/---
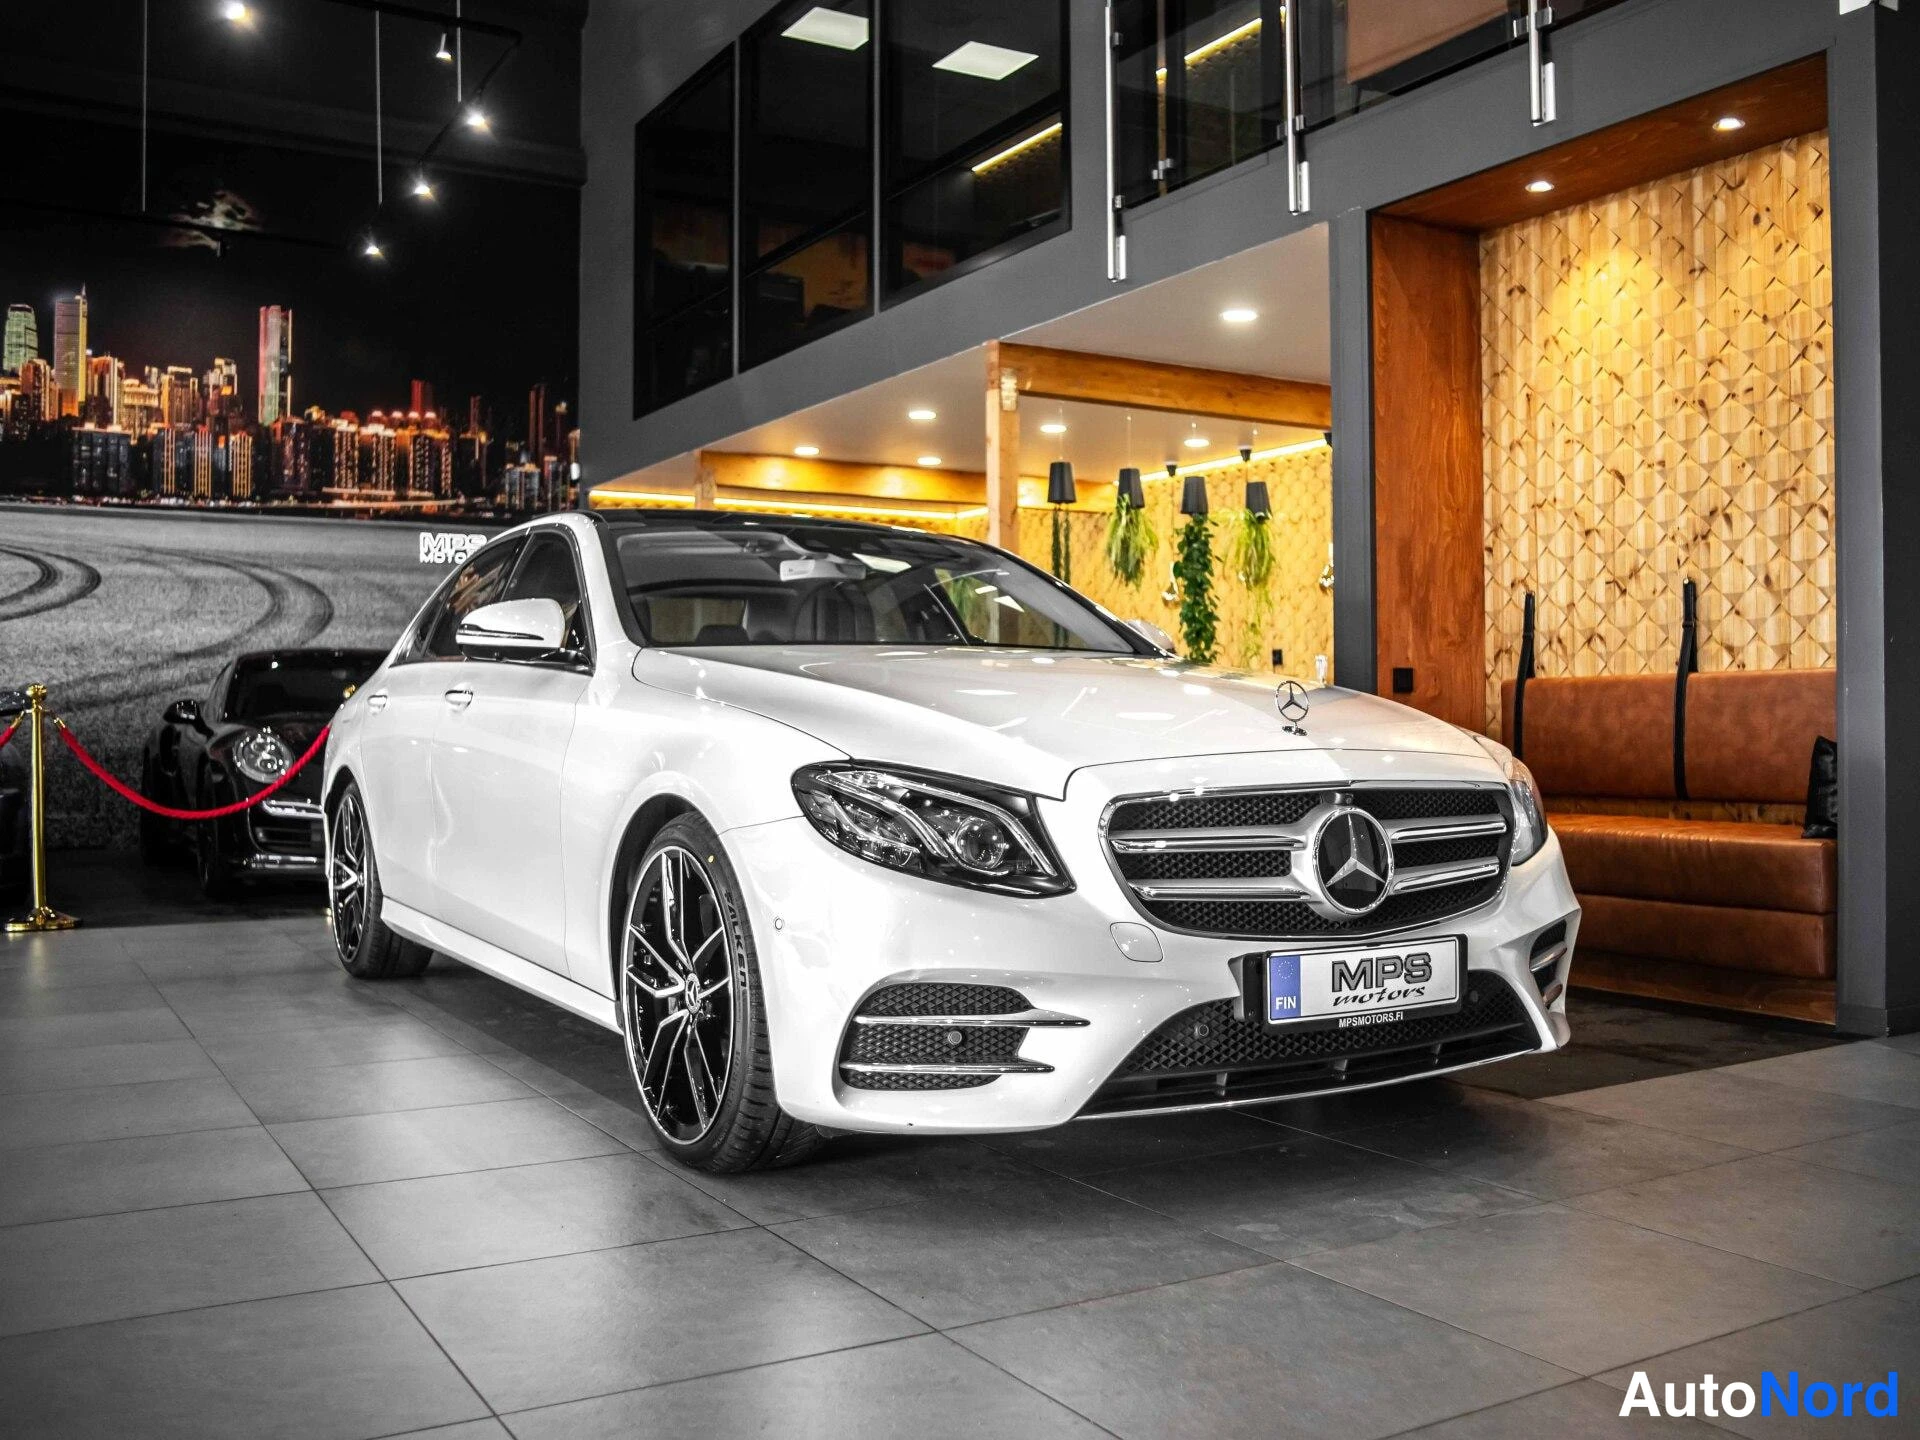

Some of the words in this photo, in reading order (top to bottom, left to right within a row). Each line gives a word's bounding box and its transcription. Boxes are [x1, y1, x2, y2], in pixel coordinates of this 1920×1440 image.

[724, 889, 747, 988] FALKEN
[1331, 952, 1432, 993] MPS
[1275, 995, 1297, 1010] FIN
[1332, 985, 1425, 1007] motors
[1338, 1010, 1404, 1029] MPSMOTORS.FI
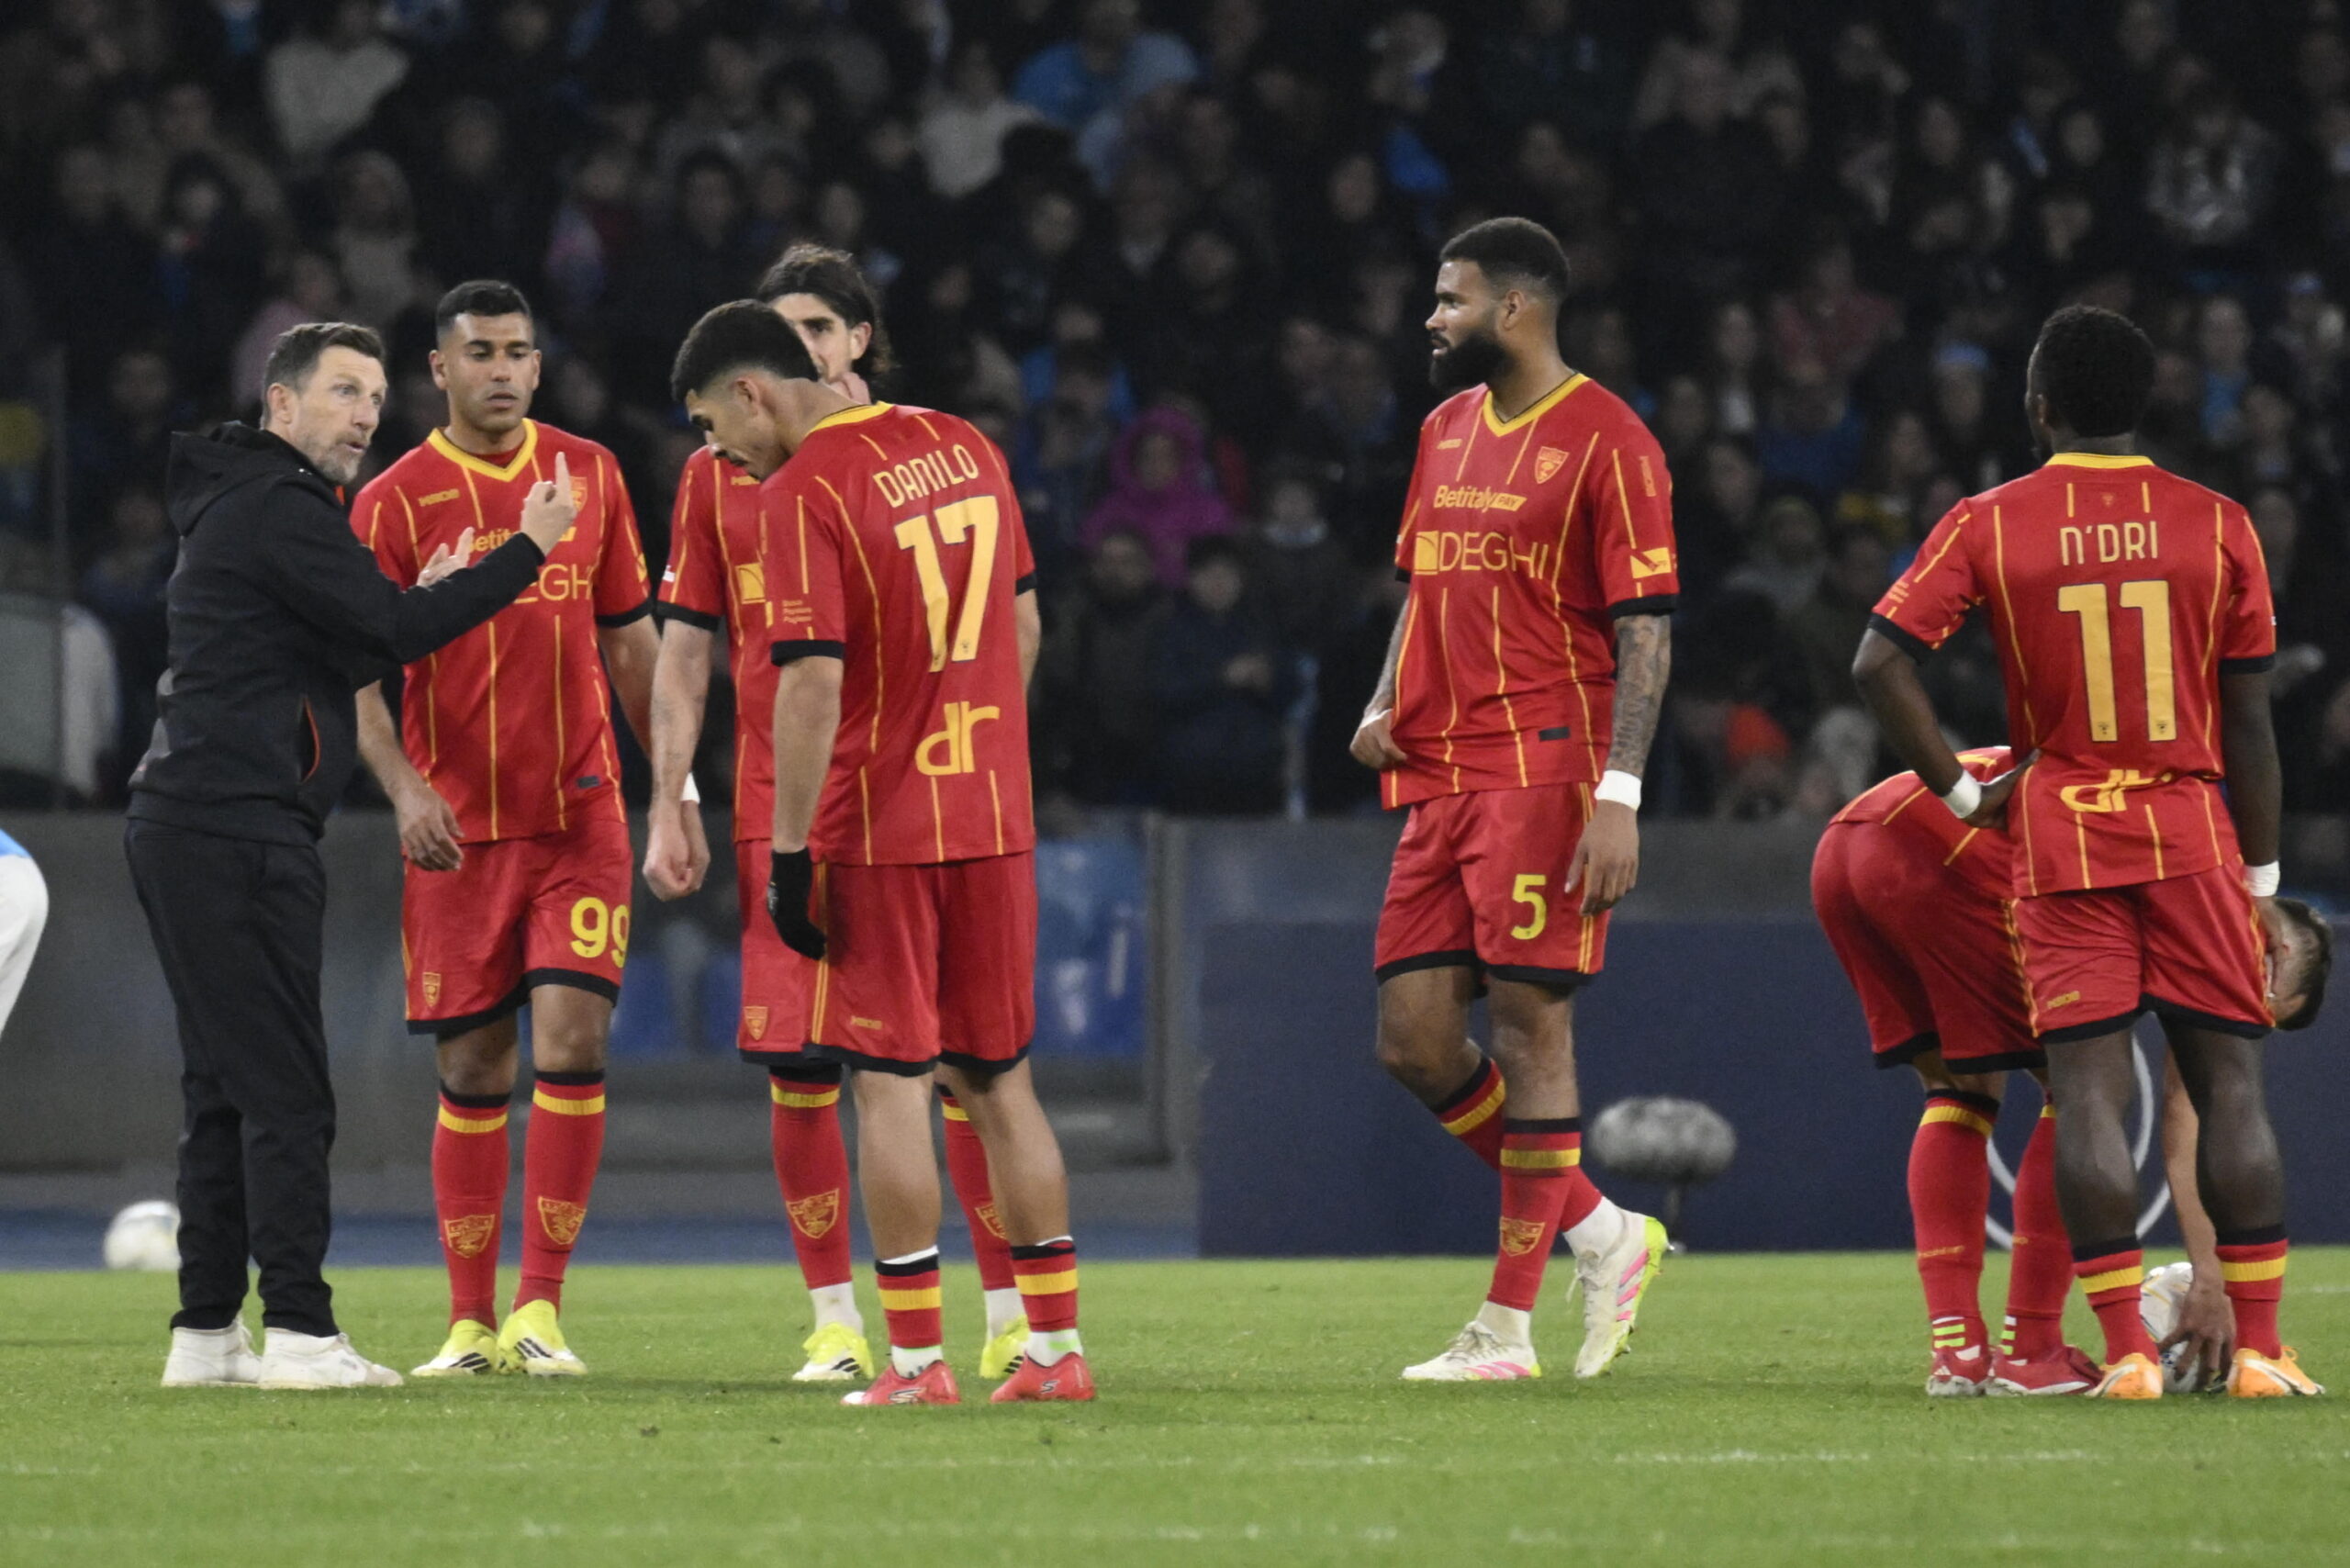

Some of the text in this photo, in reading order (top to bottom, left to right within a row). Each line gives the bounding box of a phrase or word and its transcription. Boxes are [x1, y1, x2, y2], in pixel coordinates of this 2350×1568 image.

[873, 444, 979, 508] DANILO
[894, 495, 999, 672] 17
[1438, 532, 1549, 579] DEGHI
[2057, 580, 2177, 742] 11
[570, 897, 630, 969] 99
[1512, 874, 1547, 939] 5
\---
**About this task:**
Restate the entries verbatim and exclude any pictures.

**Written answer:**
Some of the words in this photo, in reading order (top to bottom, left to right within a row). Each line gives a word's bounding box and its transcription. Boxes are [x1, y1, x2, y2], in pixel coordinates of this 1920×1440 image.

[724, 889, 747, 988] FALKEN
[1331, 952, 1432, 993] MPS
[1275, 995, 1297, 1010] FIN
[1332, 985, 1425, 1007] motors
[1338, 1010, 1404, 1029] MPSMOTORS.FI

Some of the text in this photo, in reading order (top to bottom, left to right within a row). Each line gives the bounding box of a phrase or word and its transcription. Boxes are [x1, y1, x2, y2], in pixel coordinates of this 2350×1568 image.

[873, 444, 979, 508] DANILO
[894, 495, 999, 672] 17
[1438, 532, 1549, 579] DEGHI
[2057, 580, 2177, 742] 11
[570, 897, 630, 969] 99
[1512, 874, 1547, 939] 5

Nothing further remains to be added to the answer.